- Born: 29 August 1947 Vienna, Austria
- Died: 15 December 2015 (aged 68) Mödling, Austria

= Gottfried Cervenka =

Austrian radio presenter

Gottfried R. Cervenka (29 August 1947 – 15 December 2015) was an Austrian radio presenter.

== Life ==
Cervenka was born in Vienna. Already in the Bundesrealgymnasium Vereinsgasse in Leopoldstadt his interest for music was aroused, because the then music professor Hans Zimmerl was able to inspire the students with his special enthusiasm and passionate love for this genre. He was even able to bring famous singers like Max Lorenz to school.
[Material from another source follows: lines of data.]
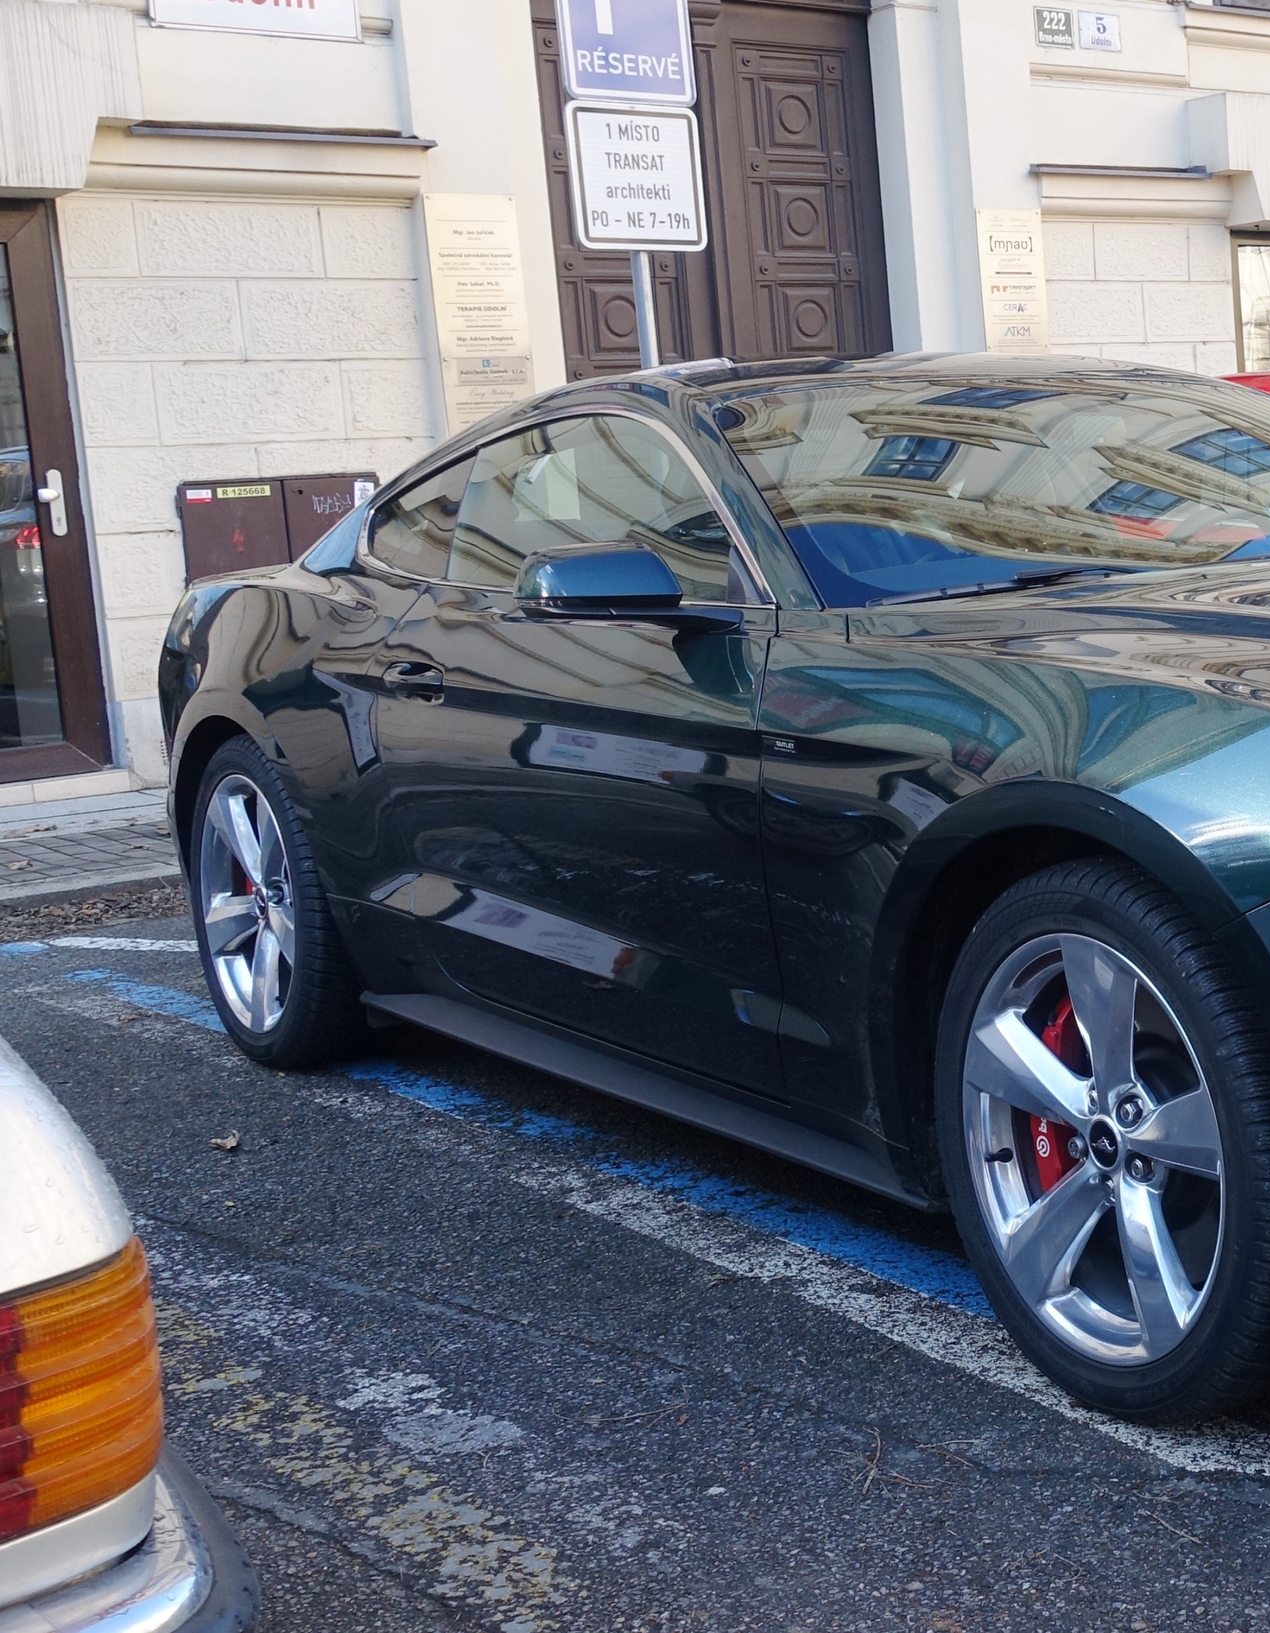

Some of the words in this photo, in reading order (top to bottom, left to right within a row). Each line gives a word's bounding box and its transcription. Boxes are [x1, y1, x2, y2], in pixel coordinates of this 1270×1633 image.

[1042, 11, 1067, 31] 222
[1094, 16, 1107, 34] 5
[576, 46, 681, 80] RÉSERVÉ
[605, 122, 613, 140] 1
[617, 120, 660, 142] MÍSTO
[605, 152, 665, 172] TRANSAT
[606, 183, 672, 201] architekti
[591, 210, 609, 228] PO
[627, 211, 646, 229] NE
[649, 212, 691, 230] 7-19h
[222, 488, 229, 496] R
[231, 487, 266, 496] 125668
For more than 30 years, Cervenka regularly directed opera programmes for the Österreichischer Rundfunk on Ö1, in particular the opera concert every Tuesday afternoon, which focused on historical recordings. In designing the programmes, he was able to draw on his own music collection, comprising some 40,000 recordings. With his programmes he also succeeded in arousing the interest of a broad audience for artists largely unknown in Austria such as Gert Lutze. His last show was dedicated to Hugh Beresford on his 90th birthday.

In addition, he also presented operetta broadcasts and opera transmissions, especially from the Metropolitan Opera.

For more than 25 years he also ran the "Da Caruso" shop in Vienna's Operngasse, which was known worldwide as a specialist shop for classical music.

Cervenka was married and had a son, whom he named after the tenor Lauritz Melchior.

Cervenka died in Mödling at the age of 68.